The researchers shared their concerns on PubPeer, LinkedIn and Bluesky, where other researchers “started to look into it and found additional things that we didn’t discover before,” Grinschgl said.

The Bern researchers also alerted Richard N. Landers, the editor-in-chief of Technology, Mind, and Behavior, and the article’s action editor Christopher Ferguson. Ferguson told us an investigation is under way, but declined to comment further until the inquiry is complete.

The study’s sole author is Sarah Baldeo, founder and CEO of ID Quotient Advisory Group, a firm that provides “neuroscience-enabled IT & AI consulting,” according to its website.
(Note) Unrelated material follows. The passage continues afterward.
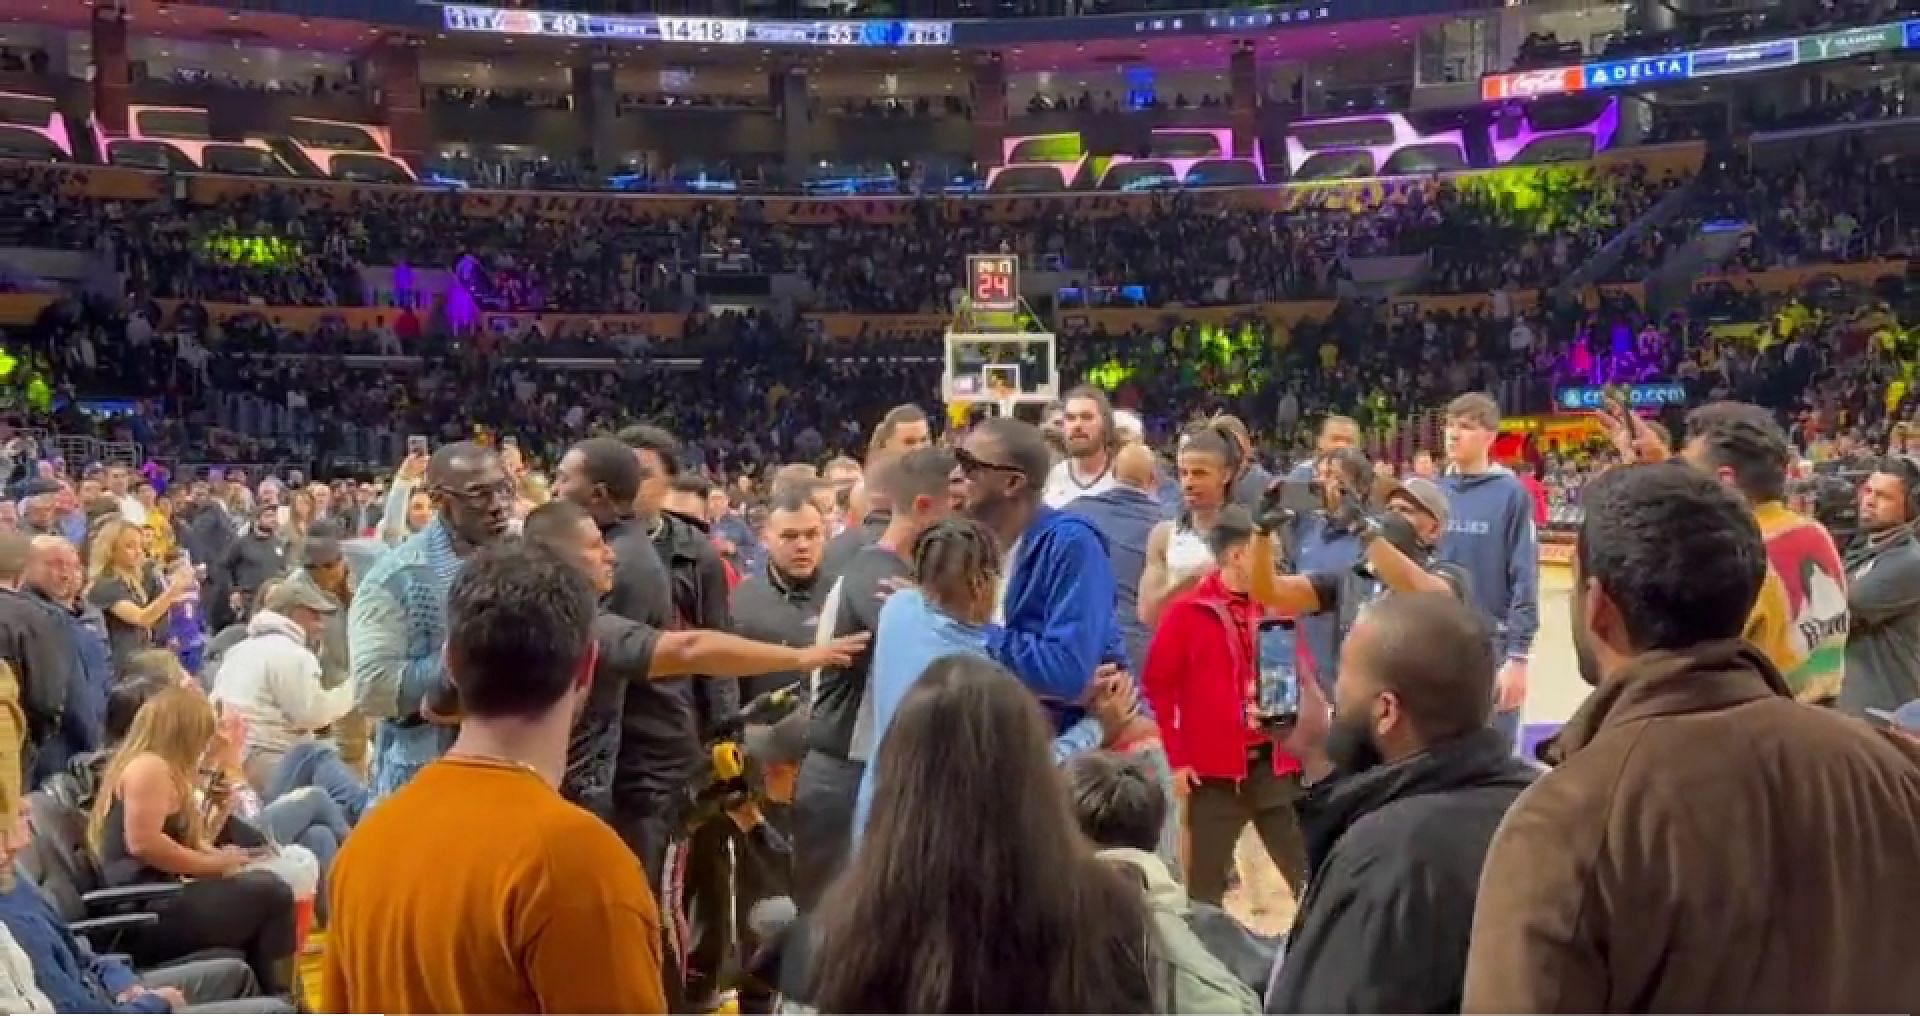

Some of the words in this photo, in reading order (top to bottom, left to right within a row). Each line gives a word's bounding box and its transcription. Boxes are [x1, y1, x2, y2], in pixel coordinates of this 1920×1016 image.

[1613, 60, 1682, 80] DELTA
[977, 273, 1009, 299] 24
[1583, 388, 1687, 403] cro.com
She is also a Ph.D. candidate in AI and neuroscience at Middlesex University in England, though the work for the study predates her time in the program, Allison Phipps, ID Quotient’s chief of staff, told us by email.

The stated mission of ID Quotient is to “ensure technology works in harmony with the human brain” with custom AI tools, strategy services and workshops for organizations. The company’s website previously included a client testimonial from the APA. When asked what services ID Quotient provided the association, Phipps clarified that Baldeo “has previously delivered keynote presentations for certain APA-affiliated divisions or society groups.” As of June 1, the client quote attributed to APA was no longer listed on the ID Quotient website.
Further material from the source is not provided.